# Baron Davis Re-Signs!!!



## HORNETSFAN (Jun 11, 2002)

i hope the media is accurate this time!

http://sportsillustrated.cnn.com/basketball/news/2002/07/30/burns_davis/


----------



## aquaitious (Jun 11, 2002)

Thats huge news for the Hornets. I wonder what made him change his mind.


----------



## Joe_Canada (Jul 15, 2002)

I think he changed his mind as soon as the Miller deal went through. He probably had his sights set on going back to L.A, and as soon as it looked like that wouldnt happen, decided to stick it out with the hornets. Keeping him is huge for them, if they didnt, it definitely would not have been the best of starts in new orleans.


----------



## k^2 (Jun 11, 2002)

Great news for the Hornets. They are now my favorite to win the east next year. If Alexander pans out this will definitly be the team to beat in the east.


----------



## nolaman (Jul 17, 2002)

Hooray! 

Since Baron is the Hornet's only player getting the max long term, this contract doesn't even restrict future moves like such a deal often does!

Now let's push Jamal Magloire's development to put some heat on Elden. That, and re-signing Lee Nailon, and Mash coming back strong should be all it will take to help the Hornets move up in the East. Alexander will help, no doubts about that in my book.


----------



## SikHandlez24 (Jun 8, 2002)

If any of you are Hornet followers I have a question for you. Who will start at Shooting Guard this season Courtney Alexander or David Wesley? I have went to alot of sites and on thier depth charts they have Alexander in front of Wesley. I know Alexander has the size and potential but Wesley is a far better player right now. If anyone has any insight please respond.


----------



## HORNETSFAN (Jun 11, 2002)

> Originally posted by *IMX *
> If any of you are Hornet followers I have a question for you. Who will start at Shooting Guard this season Courtney Alexander or David Wesley? I have went to alot of sites and on thier depth charts they have Alexander in front of Wesley. I know Alexander has the size and potential but Wesley is a far better player right now. If anyone has any insight please respond.

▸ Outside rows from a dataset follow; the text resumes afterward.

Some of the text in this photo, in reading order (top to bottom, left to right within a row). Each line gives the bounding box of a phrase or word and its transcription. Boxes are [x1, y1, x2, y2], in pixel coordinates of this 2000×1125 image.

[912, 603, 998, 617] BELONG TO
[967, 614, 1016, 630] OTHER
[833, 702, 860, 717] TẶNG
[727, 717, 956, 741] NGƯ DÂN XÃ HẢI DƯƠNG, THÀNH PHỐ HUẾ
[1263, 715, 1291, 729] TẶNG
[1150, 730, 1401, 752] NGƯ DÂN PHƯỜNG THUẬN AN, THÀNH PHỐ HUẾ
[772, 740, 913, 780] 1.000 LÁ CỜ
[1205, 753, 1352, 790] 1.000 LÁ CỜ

Silas really likes Wesley so I would guess it is his job to lose. However, I do not think it will be long before CA takes it away. I think Wesley would be a better bench player than CA and is the veteran.


----------



## Damian Necronamous (Jun 10, 2002)

> Originally posted by *Joe_Canada *
> I think he changed his mind as soon as the Miller deal went through. He probably had his sights set on going back to L.A, and as soon as it looked like that wouldnt happen, decided to stick it out with the hornets. Keeping him is huge for them, if they didnt, it definitely would not have been the best of starts in new orleans.

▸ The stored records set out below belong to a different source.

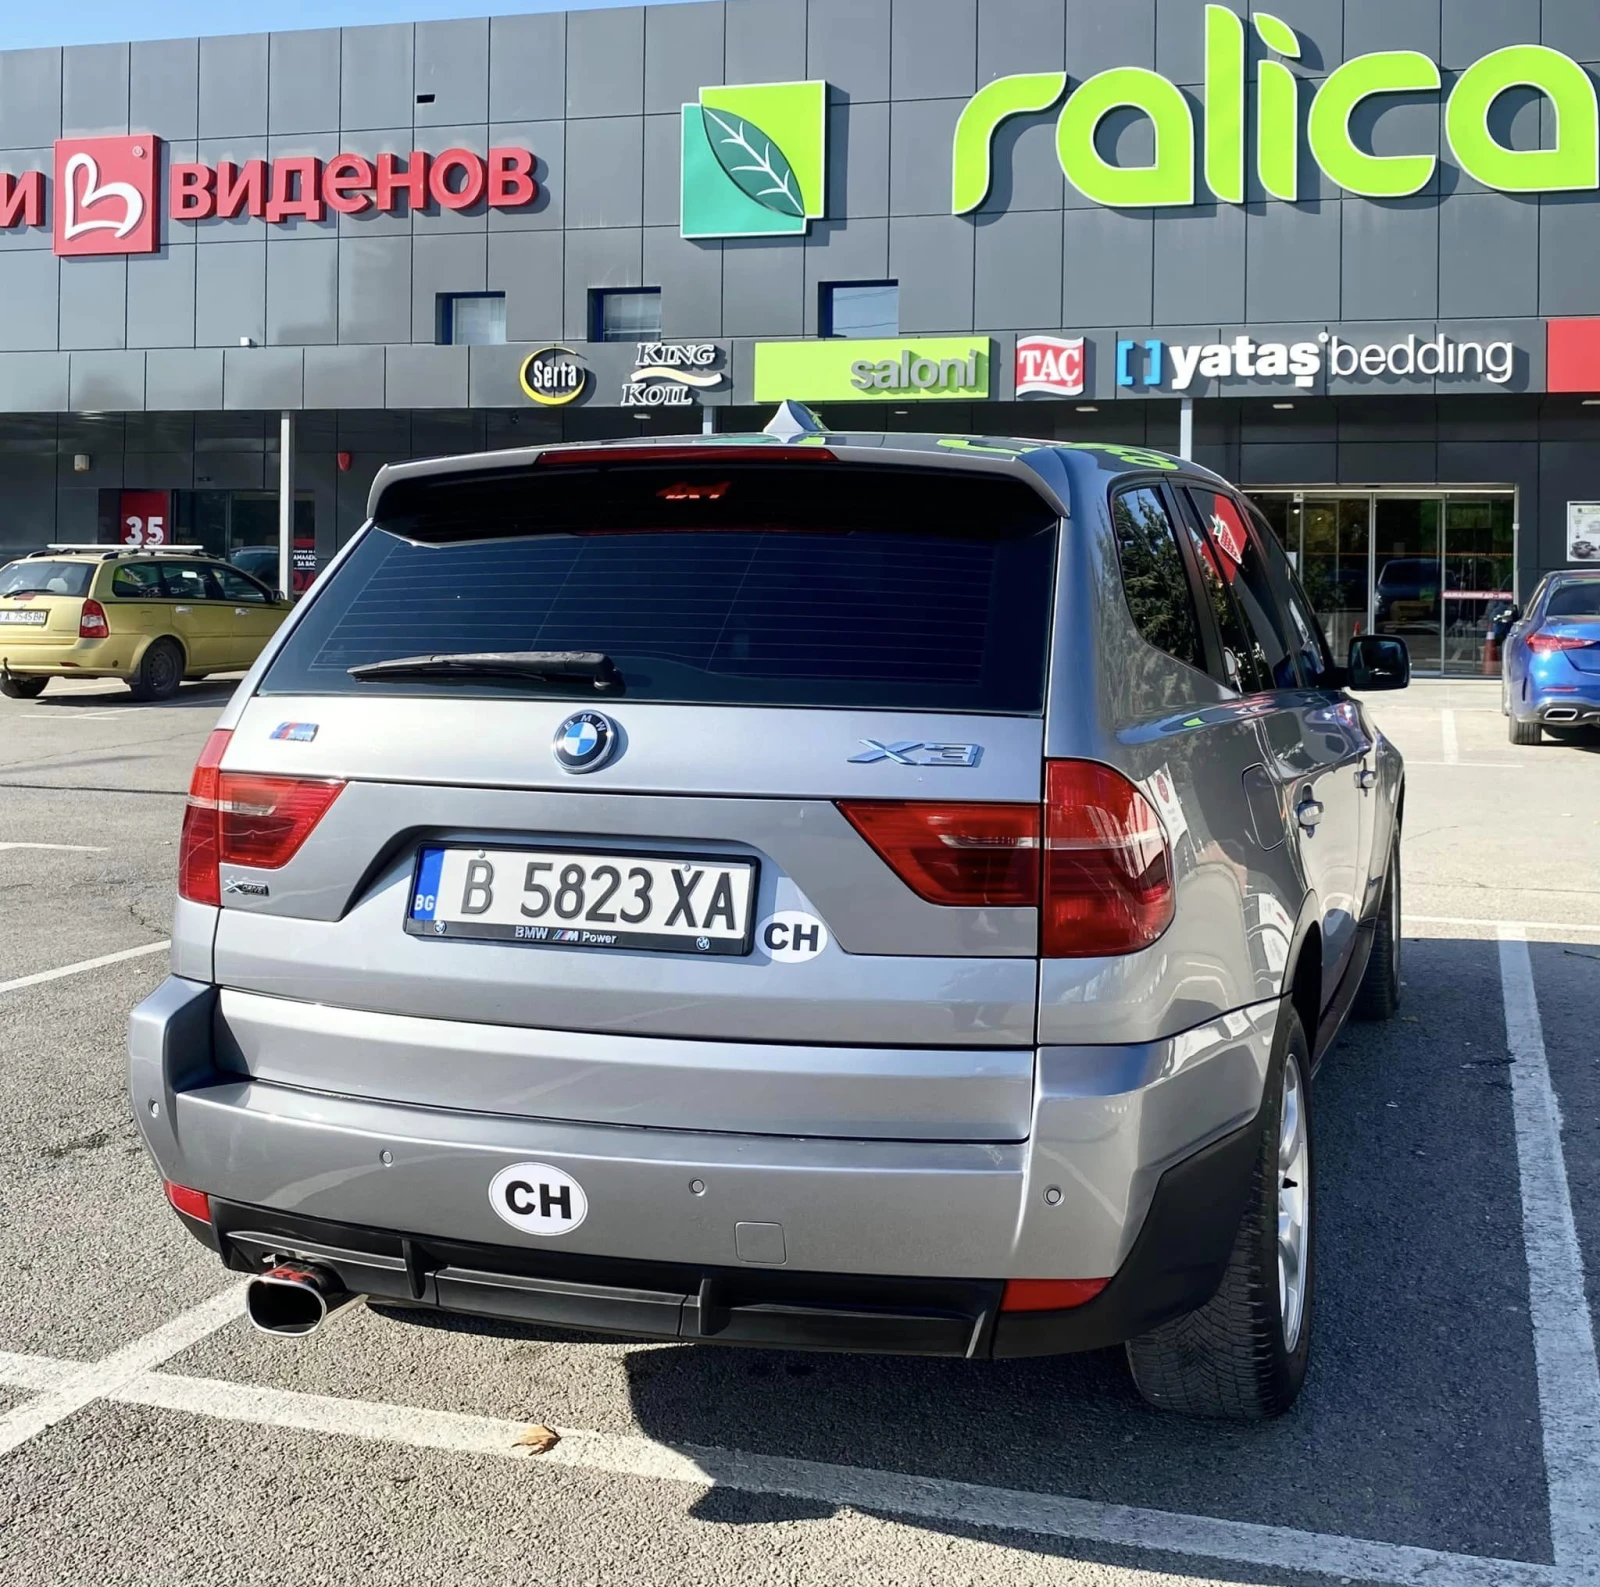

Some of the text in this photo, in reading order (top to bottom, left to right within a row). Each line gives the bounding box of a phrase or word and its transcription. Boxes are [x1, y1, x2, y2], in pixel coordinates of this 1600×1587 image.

[952, 4, 1599, 215] ralica
[635, 342, 716, 366] KING
[1019, 348, 1080, 387] TAÇ
[1169, 332, 1513, 390] yataş bedding
[533, 360, 577, 388] Serta
[850, 348, 977, 390] saloni
[620, 383, 693, 406] KOIL
[125, 516, 164, 545] 35
[564, 714, 607, 732] BMW
[847, 738, 983, 767] X3
[413, 894, 435, 912] BG
[520, 861, 654, 924] 5823
[664, 868, 737, 931] XA
[515, 925, 549, 940] BMW
[582, 931, 617, 944] Power
[764, 921, 820, 952] CH
[504, 1179, 572, 1220] CH

Yep, he was hoping that he would get traded to the Clippers, but as soon as he saw that the Clippers got Andre Miller, he decided to stay with the Hornets. 

Plus they're going to be in New Orleans. Has anyone else been there? I went there a few months ago, it has to be the greatest city on the planet. Well, one of the greatest:yes: .


----------



## Killuminati (Jul 30, 2002)

Thats great news for the Hornets! Baron is the man and he got madd skill. If the Hornets lost him they would have been back at step 1.


----------



## TheRifleman (May 20, 2002)

That is great news for the Hornets and their fans! Now, as one other poster said, if they can keep Magloire, their future is indeed bright.


----------



## HEATLUNATIC (May 27, 2002)

This DOESNT change a DAMN THING!:no:The Hornets are ALWAYS deep,yet always fall apart sometime during the season!I DONT see how anything is gonna change,just cuz they resigned a player they already had,its NOT like Duncan came to town!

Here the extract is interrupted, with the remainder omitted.